AIM OF THE EXERCISE >> Please repeat exactly, and only, the lines from the one containing "this 1792×1024 image." through the end of the records below, with no pictures.

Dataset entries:
______
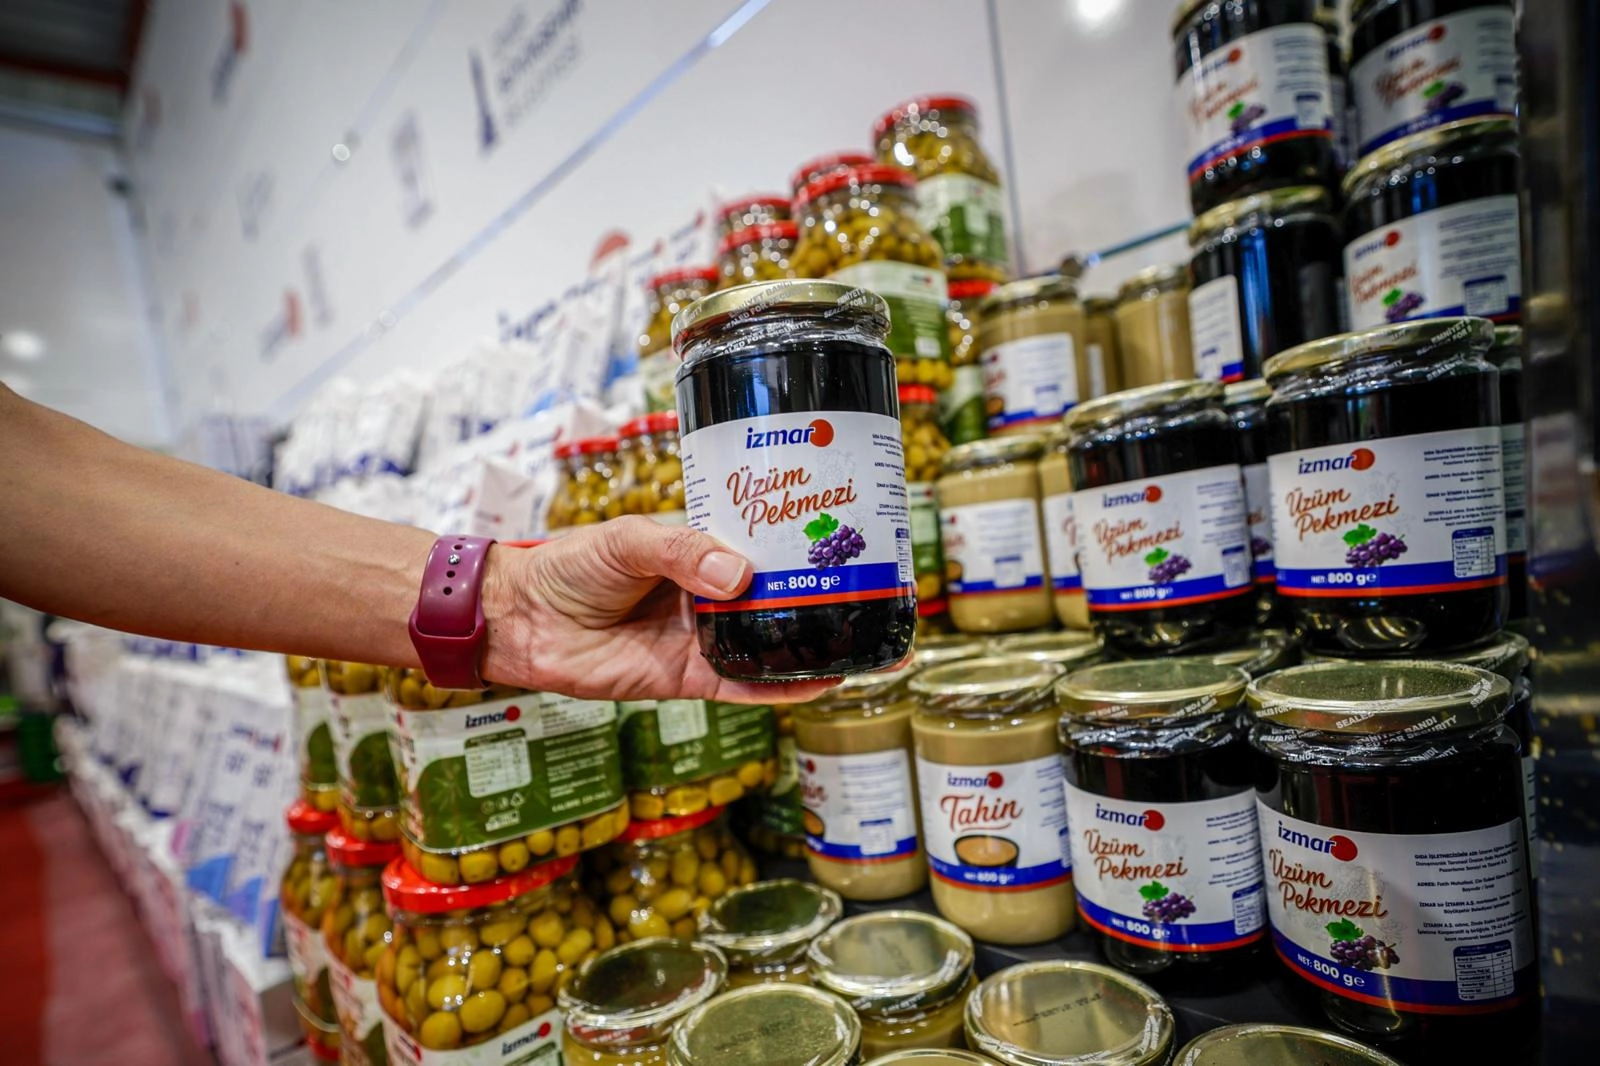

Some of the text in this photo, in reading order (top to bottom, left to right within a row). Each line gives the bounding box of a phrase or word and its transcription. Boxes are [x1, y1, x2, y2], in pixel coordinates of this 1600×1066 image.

[745, 427, 815, 449] izmar
[1298, 454, 1356, 475] izmar
[727, 465, 811, 506] Üzüm
[742, 478, 857, 537] Pekmezi
[1103, 492, 1147, 508] izmar
[1285, 487, 1351, 518] Üzüm
[1093, 517, 1147, 545] Üzüm
[1295, 494, 1400, 542] Pekmezi
[1106, 521, 1184, 564] Pekmezi
[767, 581, 787, 591] NET:
[788, 575, 818, 589] 800
[1328, 573, 1353, 585] 800
[1336, 710, 1375, 729] SEALED
[1404, 716, 1437, 734] BANDI
[948, 773, 990, 788] izmar
[940, 795, 1023, 831] Tahin
[1095, 803, 1149, 827] izmar
[1084, 829, 1145, 857] Üzüm
[1278, 820, 1336, 854] izmar
[1094, 856, 1188, 882] Pekmezi
[1269, 849, 1333, 888] Üzüm
[1278, 881, 1388, 919] Pekmezi
[1126, 921, 1150, 935] 800
[1297, 953, 1312, 968] NET:
[1313, 960, 1339, 980] 800
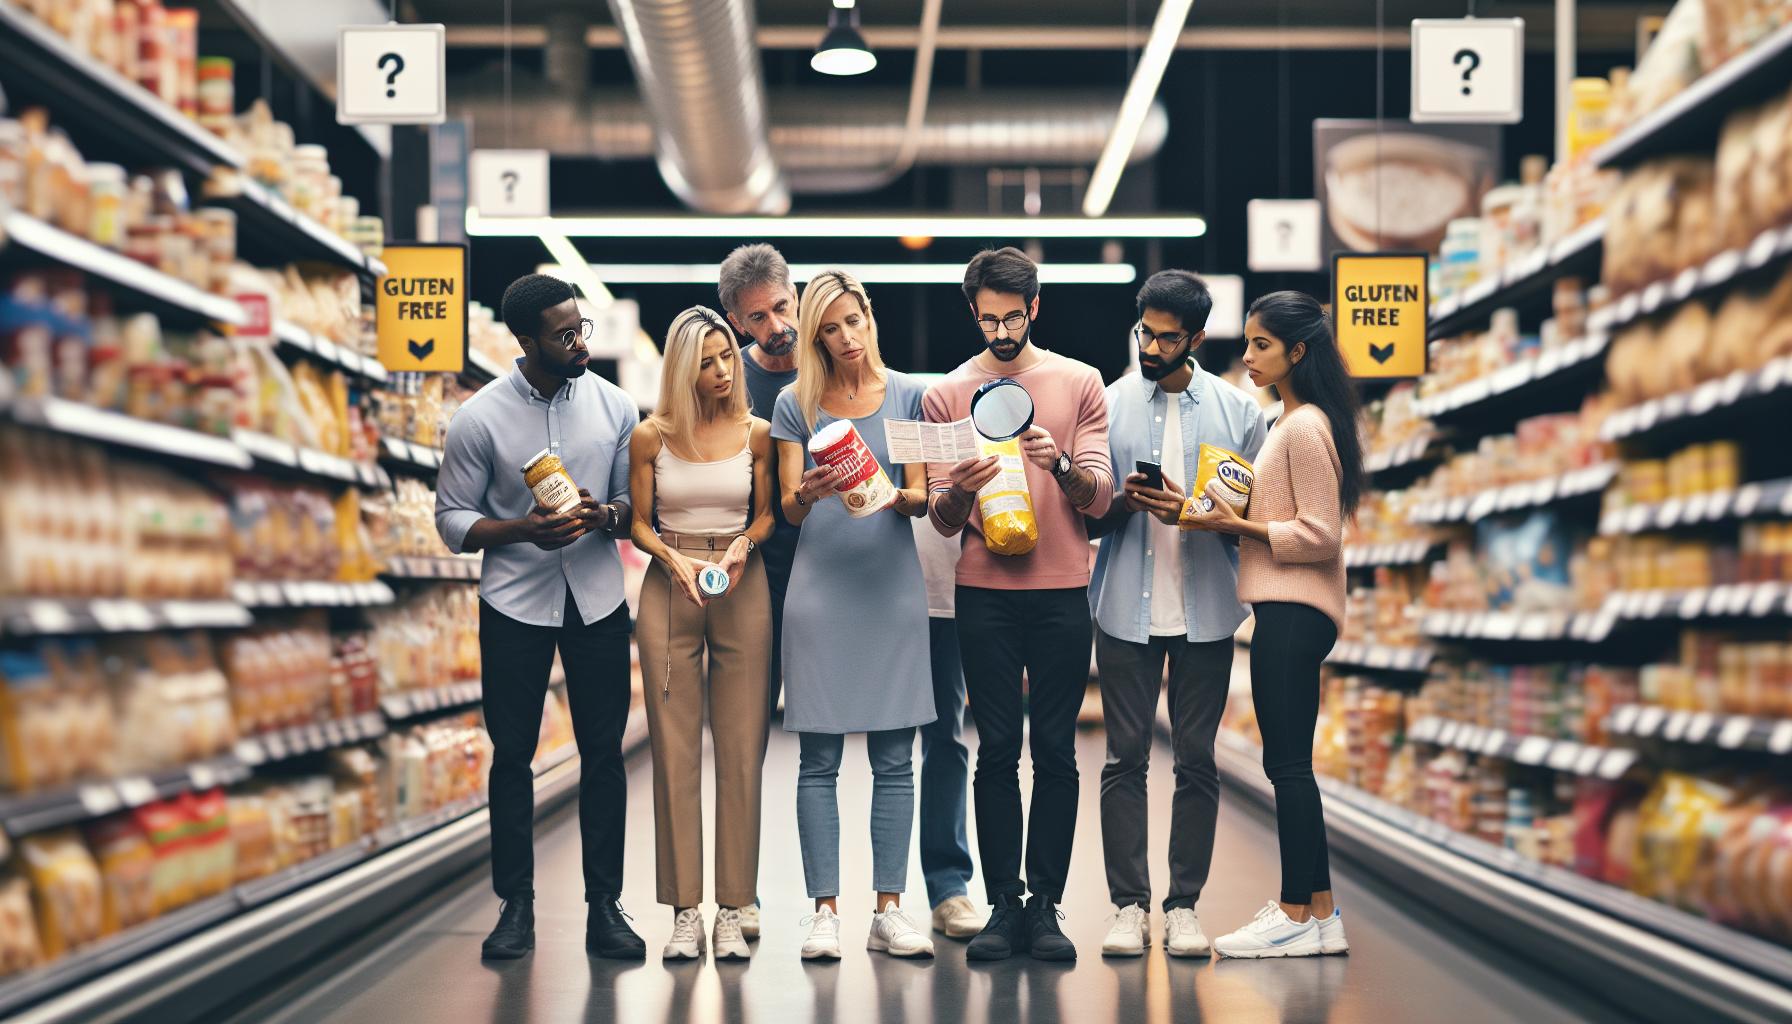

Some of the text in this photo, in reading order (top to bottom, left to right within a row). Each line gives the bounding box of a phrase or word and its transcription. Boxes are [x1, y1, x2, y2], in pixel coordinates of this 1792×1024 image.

[377, 52, 405, 98] ?
[1453, 49, 1480, 95] ?
[383, 278, 454, 296] GUTEN
[1345, 284, 1418, 302] GLUTEN
[1352, 308, 1400, 326] FREE
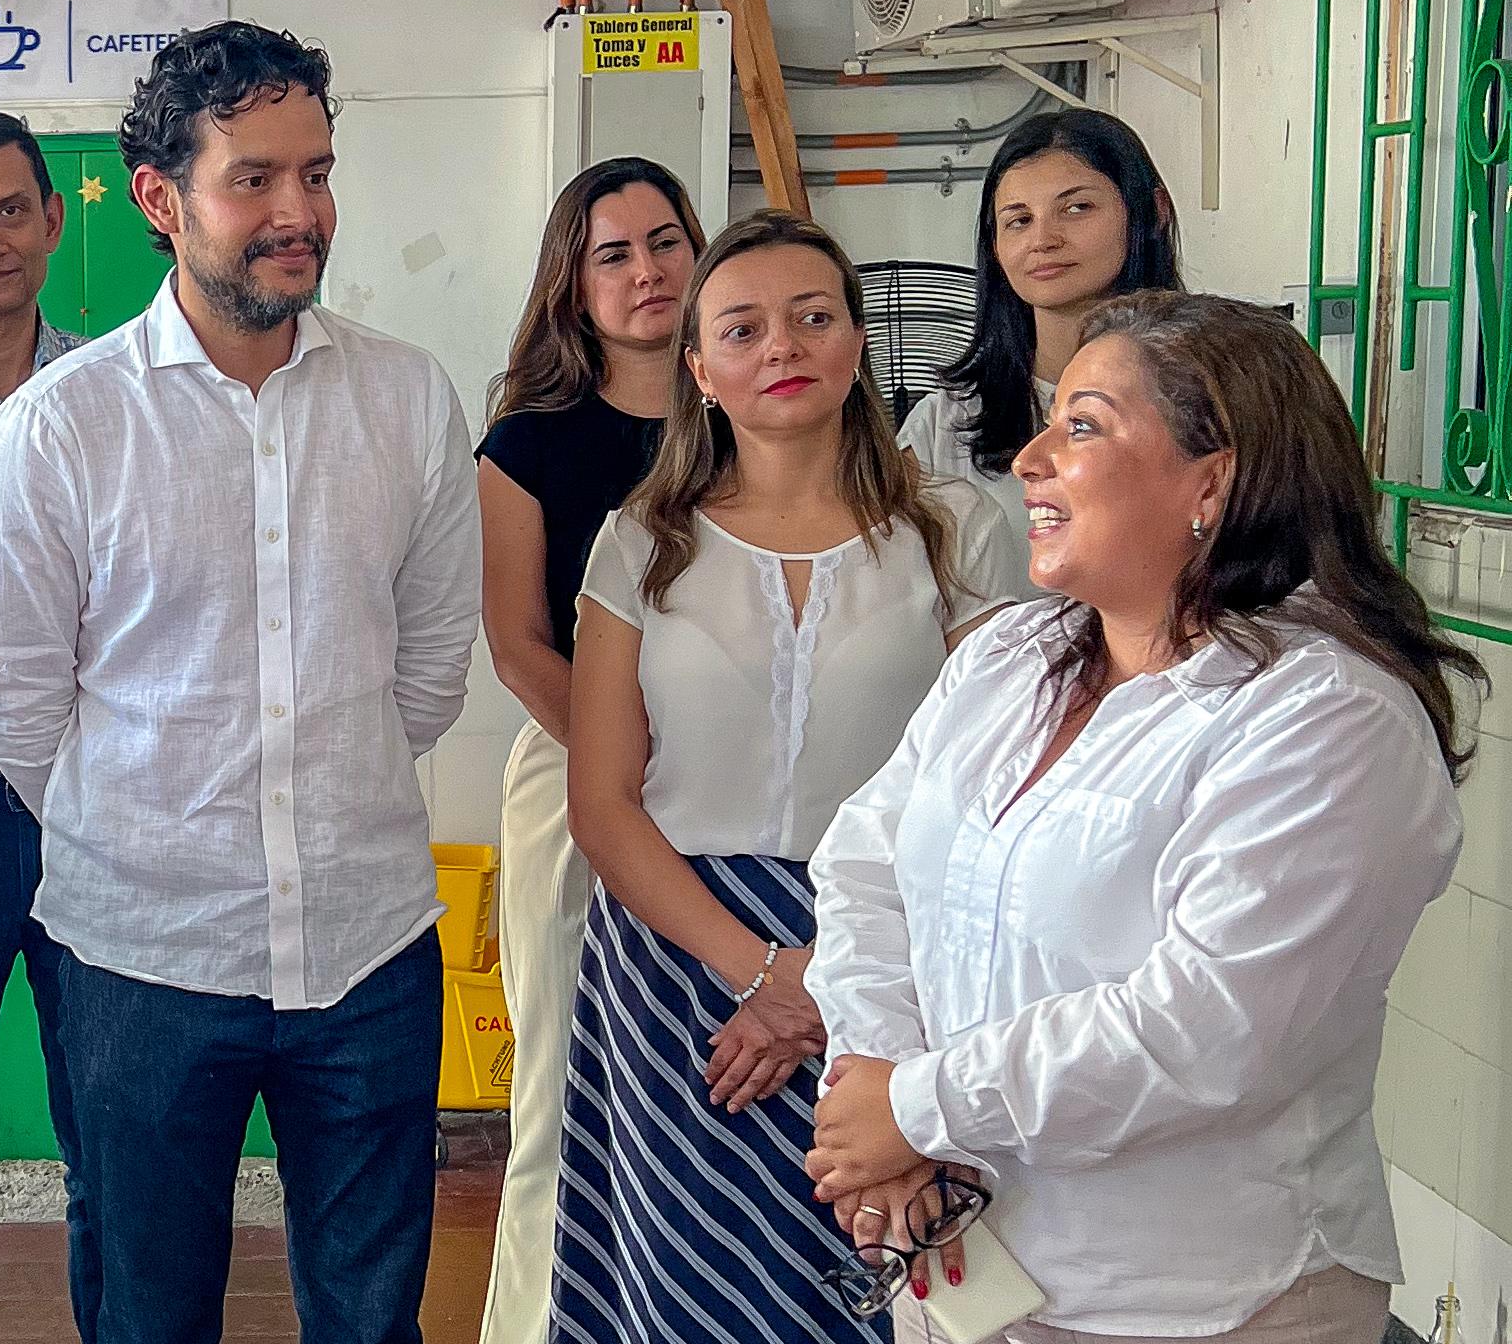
______
EXERCISE RESULT >>
Some of the text in this photo, in reading order (top to bottom, left to right within a row). Each line gives the bounding box of a phrase or word and its transcription. Boxes are [x1, y1, x2, y2], in pixel coordinates of this 1792×1024 image.

[377, 52, 405, 98] ?
[1453, 49, 1480, 95] ?
[383, 278, 454, 296] GUTEN
[1345, 284, 1418, 302] GLUTEN
[1352, 308, 1400, 326] FREE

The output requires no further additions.